Pelican is cold-neutron time-of-flight spectrometer (with polarisation analysis) and was the final instrument in our initial suite of 8 instruments funded in the OPAL construction project. Like the TAIPAN and SIKA 3-axis spectrometers, Pelican is designed to measure inelastic neutron scattering or to do neutron spectroscopy. While 3-axis spectrometers determine (and measure) the initial and final neutron energies using Bragg reflection from crystals, in time-of-flight spectrometers the neutron beam is pulsed using a rotating mechanical chopper and the neutron energies can then be measured simply by timing their arrival at the detector.

Time-of-flight spectrometers are sometimes called chopper spectrometers. A broad spectrum of energies is recorded simultaneously, and it is easy to increase the signal by using very large arrays of detectors of up to 10m2 at a cost of about $1M for the detectors alone. The fact that a broad spectrum is measured means that time-of-flight spectrometers are good for surveys.

The downside of the method is that while 3-axis spectrometers take neutrons all the time, the chopper acts like a camera shutter and effectively turns the reactor off for 99% of the time, with a consequent loss of signal intensity.

There are two types of commonly used chopper, disc, and Fermi choppers, as used on our time-of-flight reflectometer and on Pelican respectively. On Pelican, we use both a focussing crystal monochromator and a Fermi chopper and this combination gives a pulsed mono-energetic beam of neutrons onto the sample in addition to getting the instrument out of the direct neutron guide.

While 3-axis spectrometers are used for studying details in single-crystal samples, and mostly for problems in condensed-matter physics, time-of-flight spectrometers are used much more heavily in chemistry and in studies of soft matter, and are used for studies of polycrystalline, glassy and liquid samples.
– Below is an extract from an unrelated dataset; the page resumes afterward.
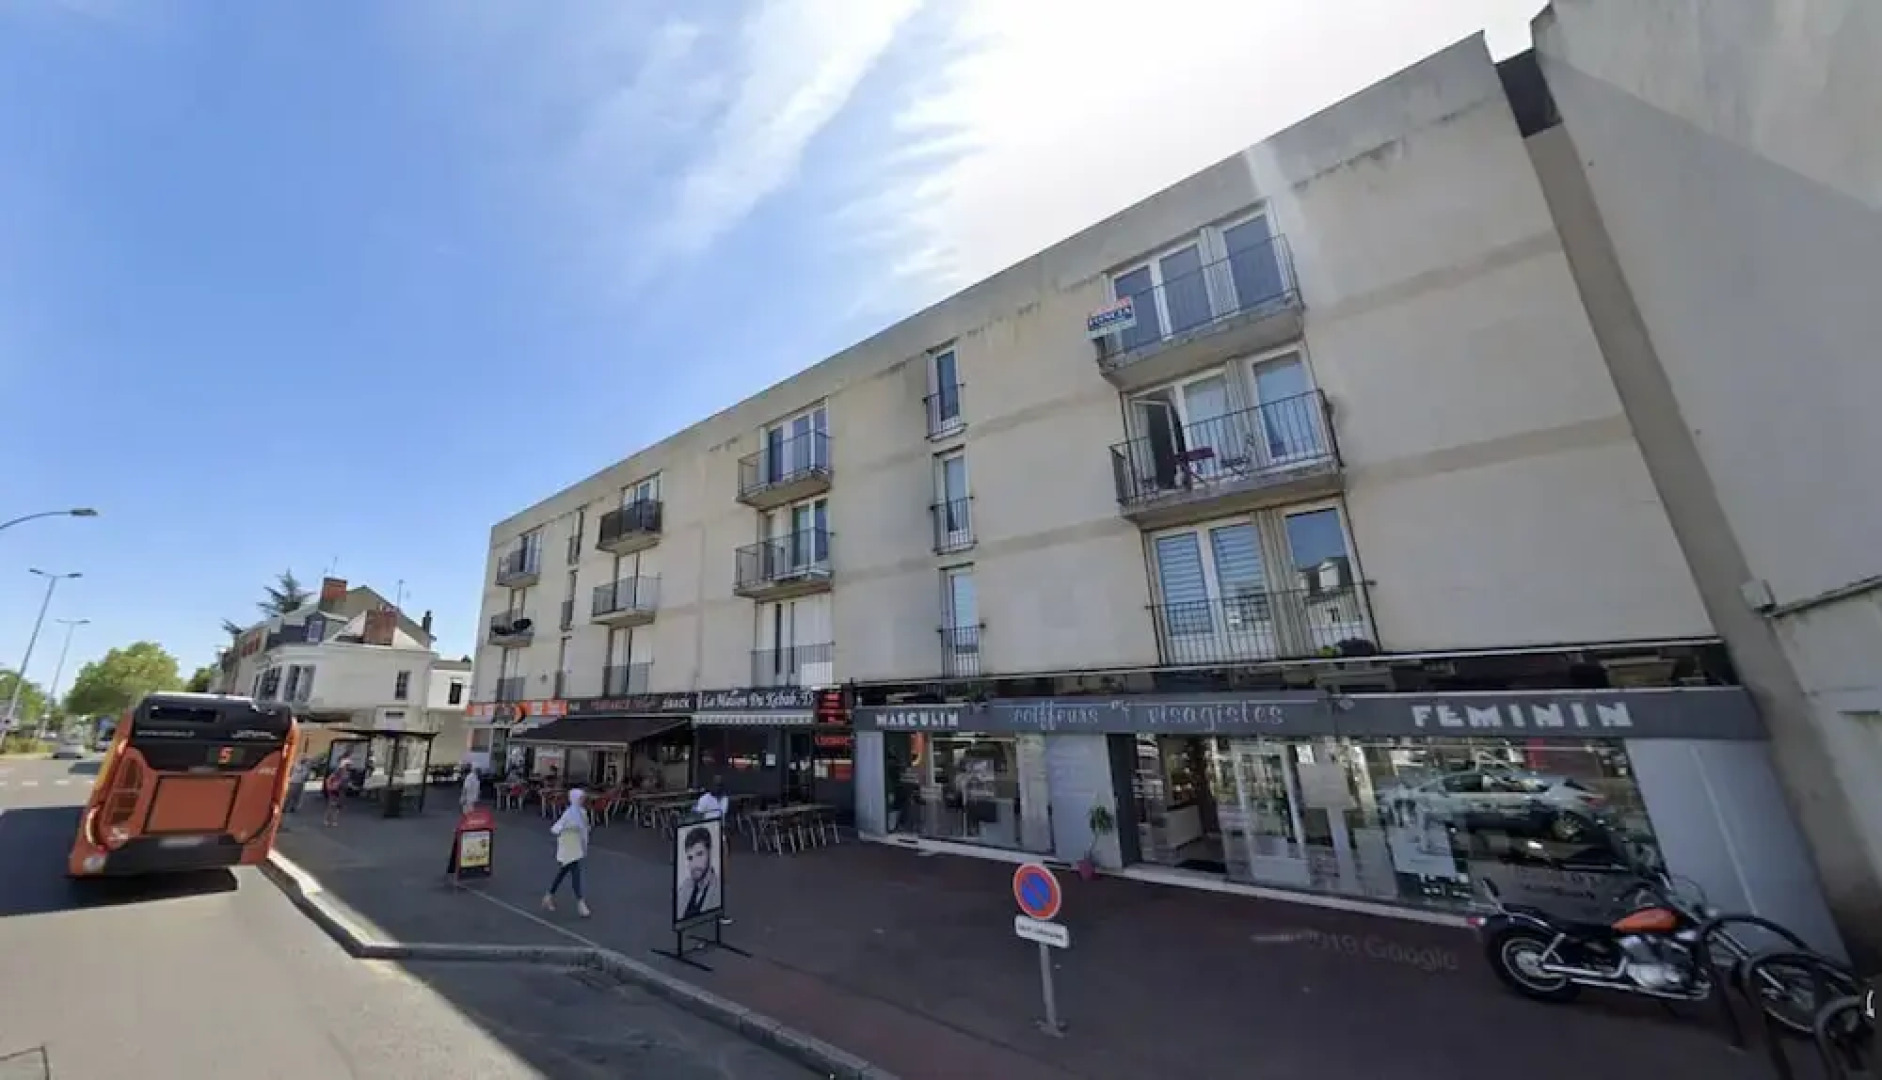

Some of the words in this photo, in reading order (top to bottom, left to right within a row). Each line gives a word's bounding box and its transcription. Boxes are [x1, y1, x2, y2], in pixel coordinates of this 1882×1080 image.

[875, 710, 960, 728] MASCULIN
[1149, 700, 1285, 731] visagistes
[1411, 702, 1634, 728] FEMININ
There is intrinsically less information in the experiment, as there is an average overall crystal orientations, but the independence from single-crystal samples means that a much wider range of materials and samples can be studied. The fact that Pelican views the cold-neutron source means that it has quite good energy resolution (50 μeV and upwards to 1meV or so) and is good for high-resolution studies of diffusing molecules (diffusing both translationally and rotationally), molecules tunnelling between different orientational states and other large-scale motions of whole units within molecules.

To go to yet slower dynamics, one needs other types of neutron spectrometer (back-scattering, like our Emu spectrometer for 1-30 μeV) and neutron spin-echo for (0.001 - 1 μeV.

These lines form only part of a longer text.